The research team from Johns Hopkins University and the University of Nebraska didn’t set out to measure the virus’s deleterious effects. But like a lot of great scientific insight, when a more groundbreaking pattern emerged, the researchers pursued it. To their mind, this is the first documented case of a potentially harmful algal virus crossing over to infect healthy people.

During a separate look into throat microbes, the team discovered DNA from the chlorovirus ATCV-1, a type of algal virus, was present in 40 of the 92 subjects. While this virus is common among aquatic environments, it’s rarely found in humans. So the team changed directions. They relied on prior tests of visual processing and motor function to see how the virus might affect these processes.

“This is a striking example showing that the ‘innocuous’ microorganisms we carry can affect behavior and cognition,” lead author and neurovirologist at Johns Hopkins, Dr. Robert Yolken, told The Independent.

Study participants were given the task of drawing a line between a sequence of numbers. Those who had ATCV-1 in their systems showed significantly slower performance, by about 10 percent, compared to those without the virus’s DNA. Yolken and his team found no differences with respect to sex, race, income, education level, or smoking habits.

Wanting to delve deeper, the team infected a set of lab mice with the virus and left another group untouched. Infected mice completed a maze 10 percent slower and spent 20 percent less time exploring new objects than uninfected mice. The virus appeared to deplete functions related to “learning, memory formation, and the immune response to viral exposure,” the team wrote.

For all these confirmations of the virus’s capabilities, senior author of the study Dr. James L. Van Etten says the findings should come with no alarm. “Since these viruses are ubiquitous in nature, at this point I would tell people not to worry about them,” he told Medical Daily.

They are not, for instance, the same as the toxoplasmosis-causing parasite known as Toxoplasma gondii, which infects house cats and may transfer to humans. T. gondii can live in warm-blood animals but only reproduce in felines.

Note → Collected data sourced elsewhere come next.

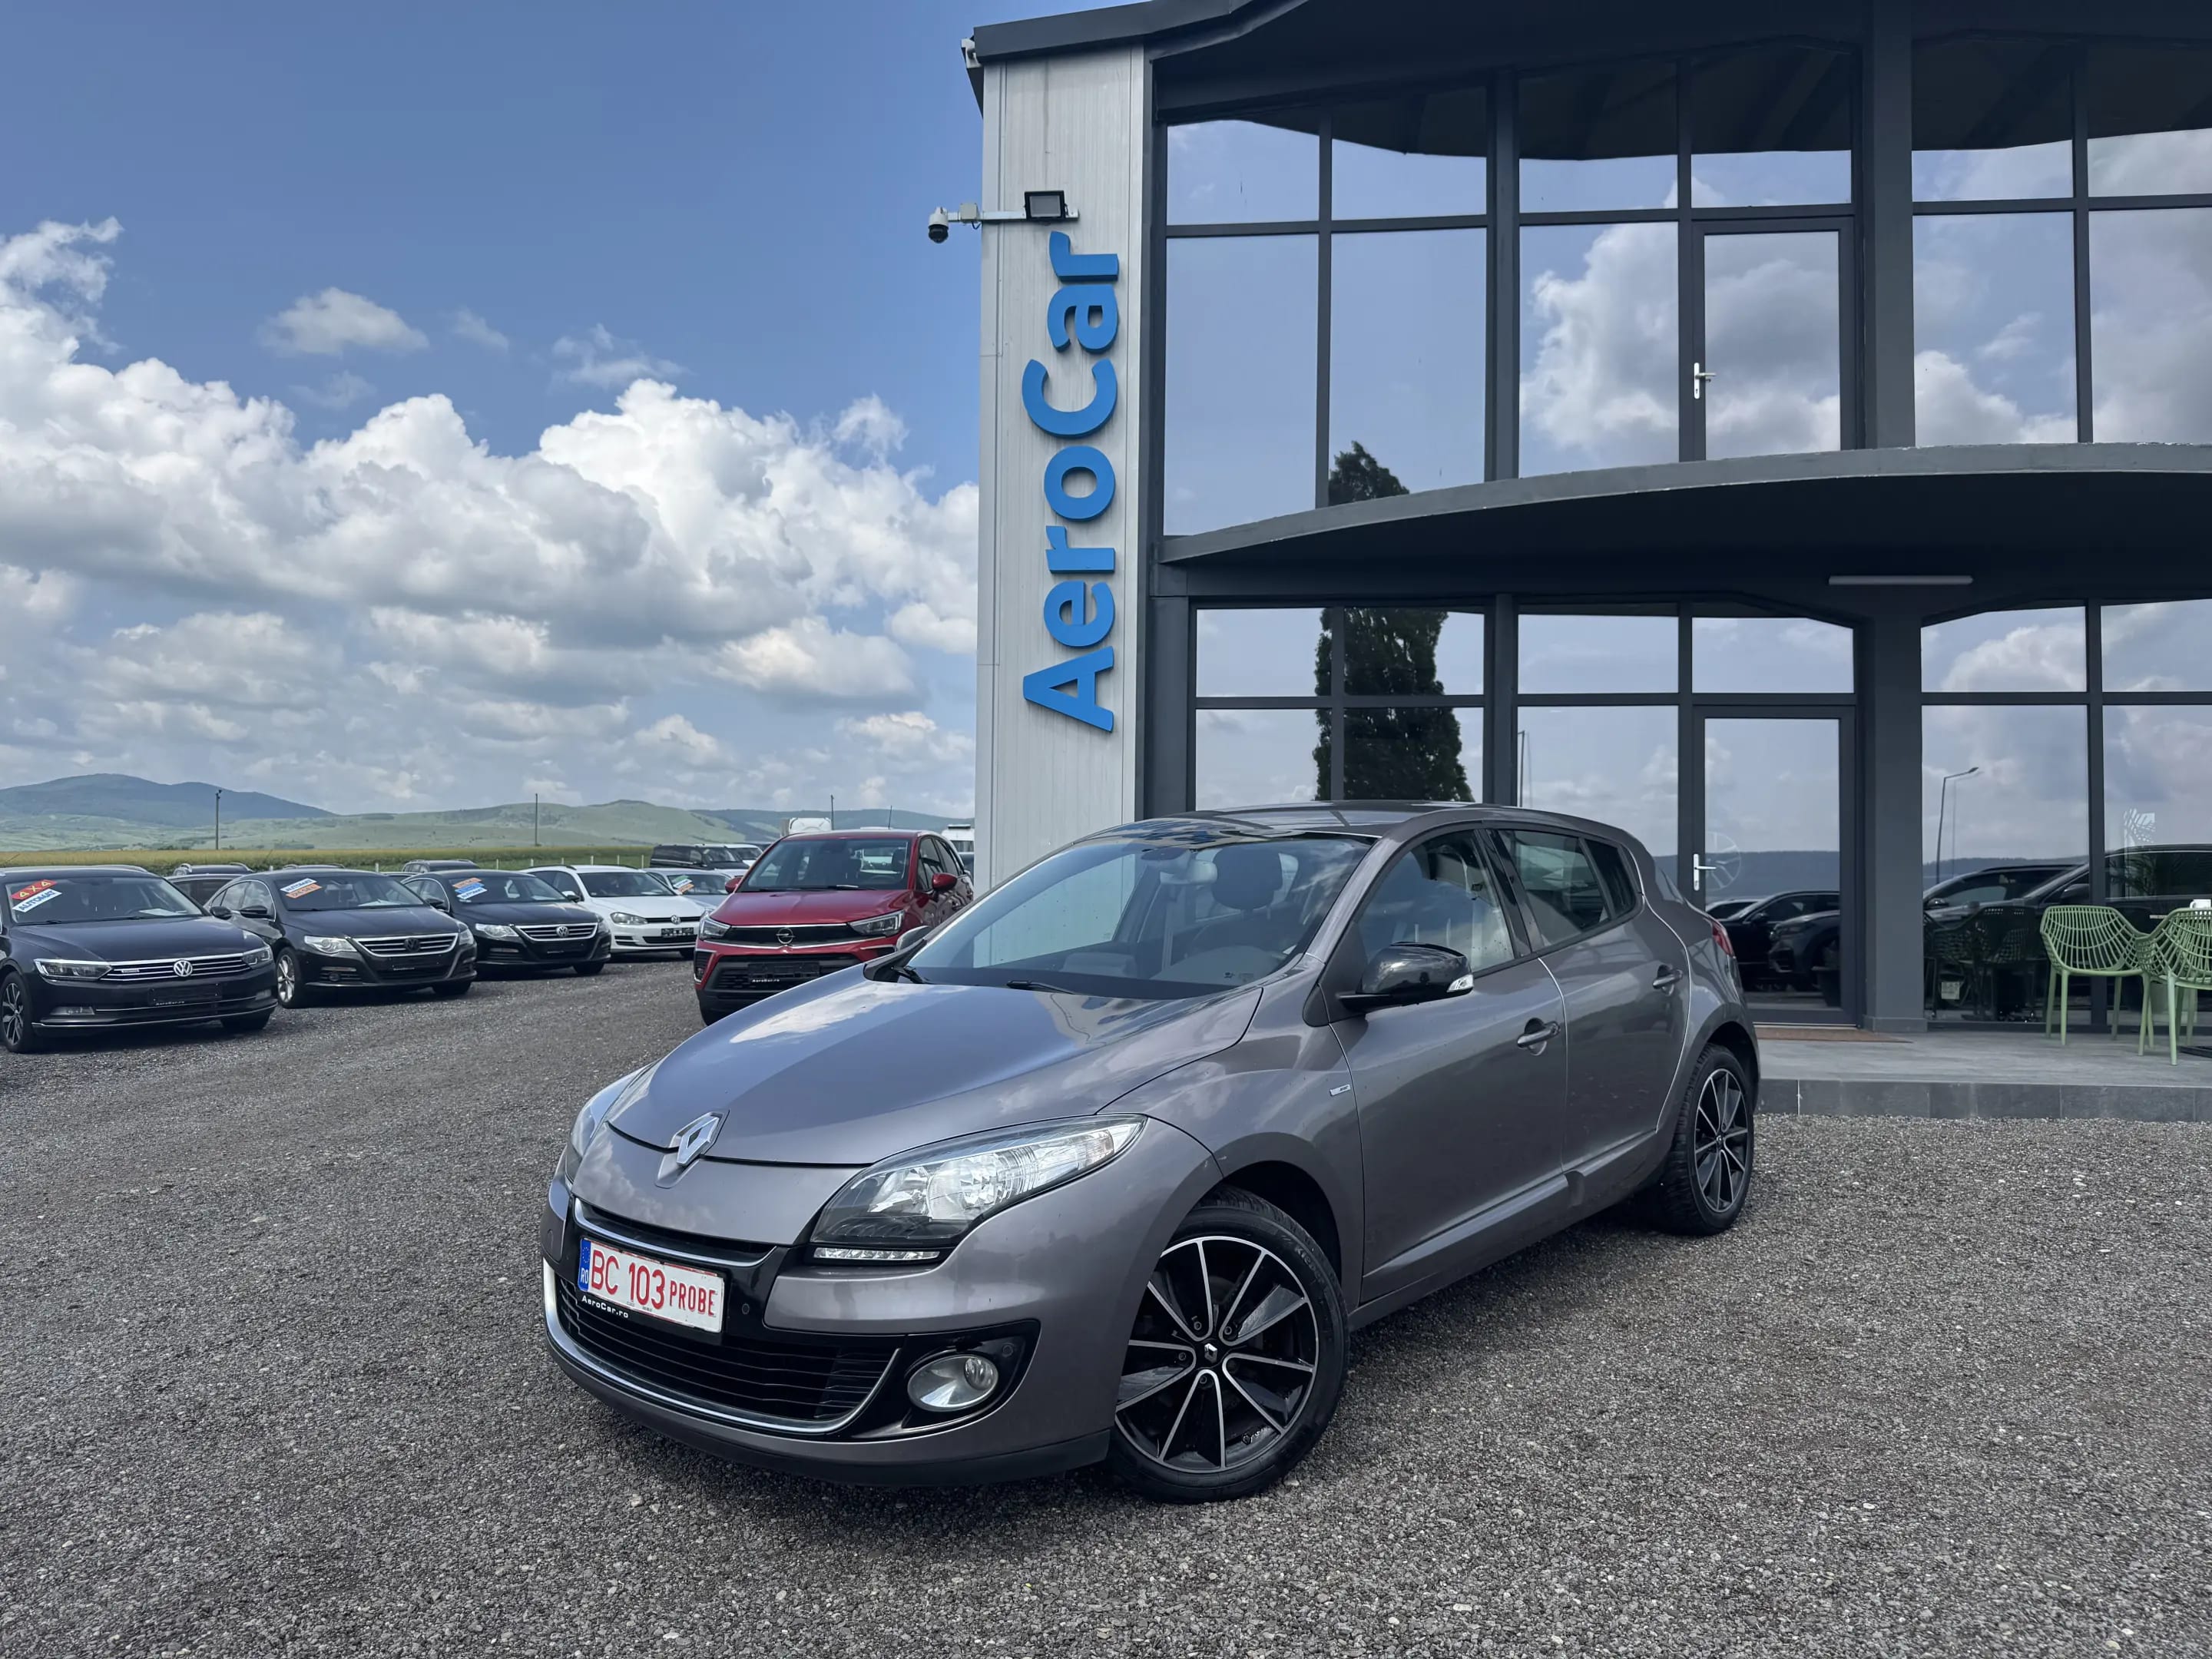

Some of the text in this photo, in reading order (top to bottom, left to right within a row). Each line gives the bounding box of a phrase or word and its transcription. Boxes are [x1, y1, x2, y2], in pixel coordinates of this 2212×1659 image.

[1022, 231, 1119, 732] AeroCar
[18, 890, 57, 911] AUTOMAT
[580, 1267, 589, 1284] RO
[591, 1250, 717, 1318] BC 103 PROBE
[581, 1295, 629, 1319] AeroCar.ro

Van Etten says he isn’t sure whether the same holds true for ATCV-1. The exact mechanisms behind the effects are also unknown, though he concedes the data should be forthcoming. “Currently one of our efforts is to determine if the virus can replicate in either human or animal cells.”

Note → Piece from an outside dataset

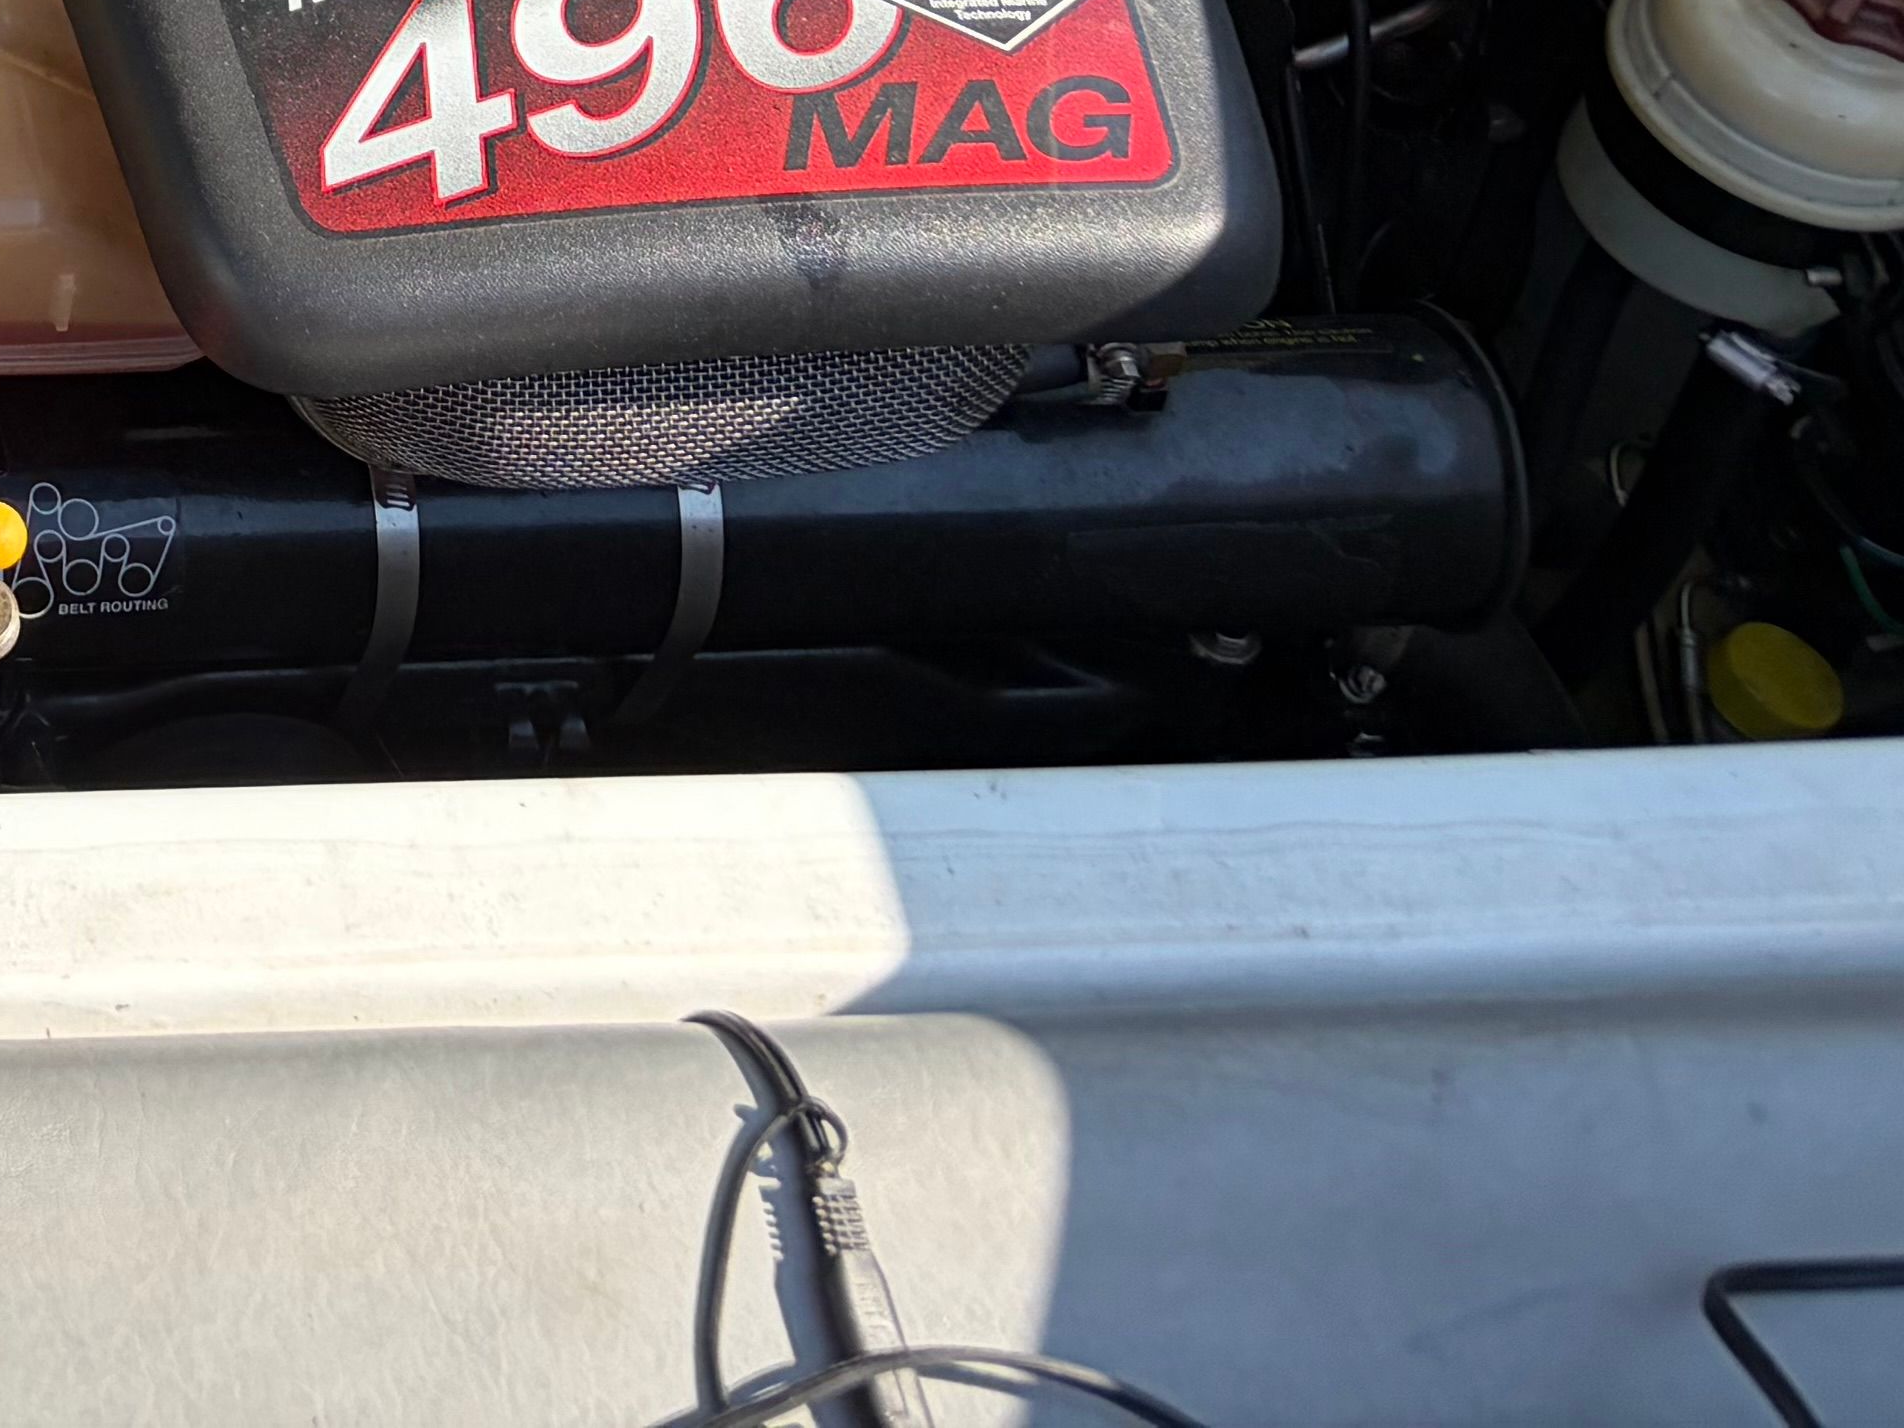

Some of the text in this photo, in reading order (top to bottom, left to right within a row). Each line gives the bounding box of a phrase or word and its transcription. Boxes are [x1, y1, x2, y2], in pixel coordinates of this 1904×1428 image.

If the virus can replicate, that means it can spread between people. But without that information, people should find comfort in the virus only being tested in the Baltimore area in a relatively small pool of subjects. While it may use other microorganisms to get into people’s throats, algae are everywhere. And if nothing else, a 10 percent reduction isn’t all that much — hardly different than skipping your morning cup of coffee.